Auschwitz–Birkenau, January 1944
The Nazi officers are dressed in black. They look at death with the indifference of a gravedigger. In Auschwitz, human life has so little value that no one is shot anymore; a bullet is more valuable than a human being. In Auschwitz, there are communal chambers where they administer Zyklon gas. It’s cost-effective, killing hundreds of people with just one tank. Death has become an industry that is profitable only if it’s done wholesale.
The officers have no idea that in the family camp in Auschwitz, on top of the dark mud into which everything sinks, Alfred Hirsch has established a school. They don’t know it, and it’s essential that they should not know it. Some inmates didn’t believe it was possible. They thought Hirsch was crazy, or naïve: How could you teach children in this brutal extermination camp where everything is forbidden? But Hirsch would smile. He was always smiling enigmatically, as if he knew something that no one else did. It doesn’t matter how many schools the Nazis close, he would say to them. Each time someone stops to tell a story and children listen, a school has been established.
In this life-destroying factory that is Auschwitz–Birkenau, where the ovens burn corpses day and night, Block 31 is atypical, an anomaly. It’s a triumph for Fredy Hirsch. He used to be a youth sports instructor, but is now an athlete himself, competing against the biggest steamroller of humans in history. He managed to convince the German camp authorities that keeping the children entertained in a hut would make it easier for their parents to do their work in camp BIIb, the one known as “the family camp.” The camp high command agreed, but on the condition that it would be for games and activities only: School was banned. And so Block 31 was formed.

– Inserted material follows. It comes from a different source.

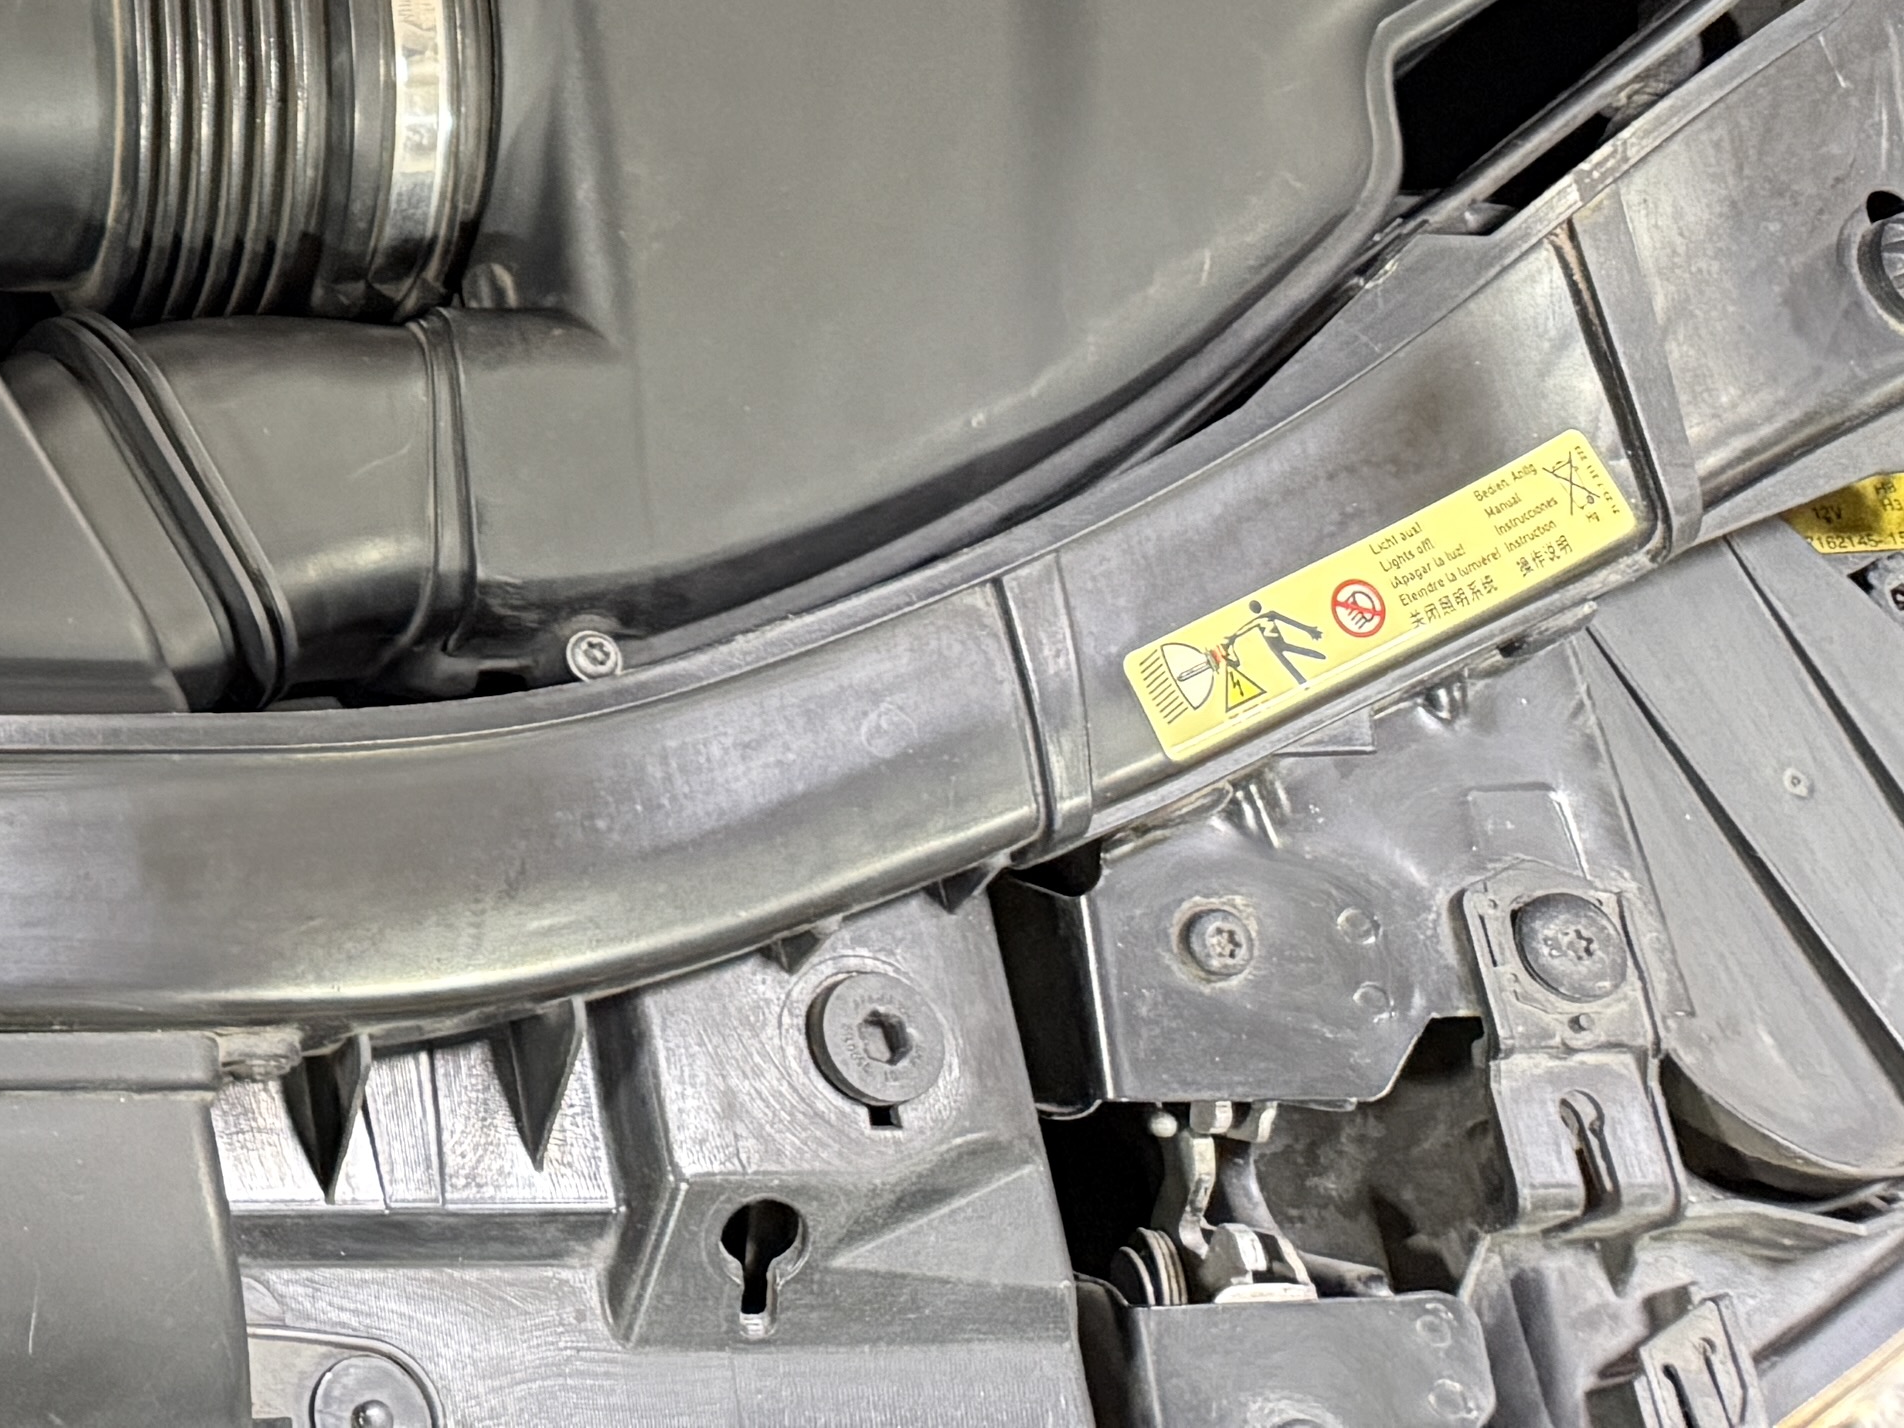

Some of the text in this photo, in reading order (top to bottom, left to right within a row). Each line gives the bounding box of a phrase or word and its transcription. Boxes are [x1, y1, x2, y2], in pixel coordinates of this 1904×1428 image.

Inside the wooden hut, the classrooms are nothing more than stools, tightly packed into groups. Walls are nonexistent; blackboards are invisible. The teachers trace isosceles triangles, letters of the alphabet, and even the routes of the rivers of Europe with their hands in the air. There are about twenty clusters of children, each with its own teacher. They are so close together that classes are whispered to prevent the story of the ten plagues of Egypt from getting mixed up with the rhythm of a times table.
* * *
The barrack door is flung open, and Jakoubek, the lookout, races toward the cubicle of Blockältester Hirsch, the head of Block 31. His clogs leave a trail of moist camp earth across the floor, and the bubble of calm serenity in Block 31 bursts. From her corner, Dita Adler stares, mesmerized by the tiny spots of mud, as Jakoubek calls out:
“Six! Six! Six!”
It’s code for the imminent arrival of SS guards at Block 31.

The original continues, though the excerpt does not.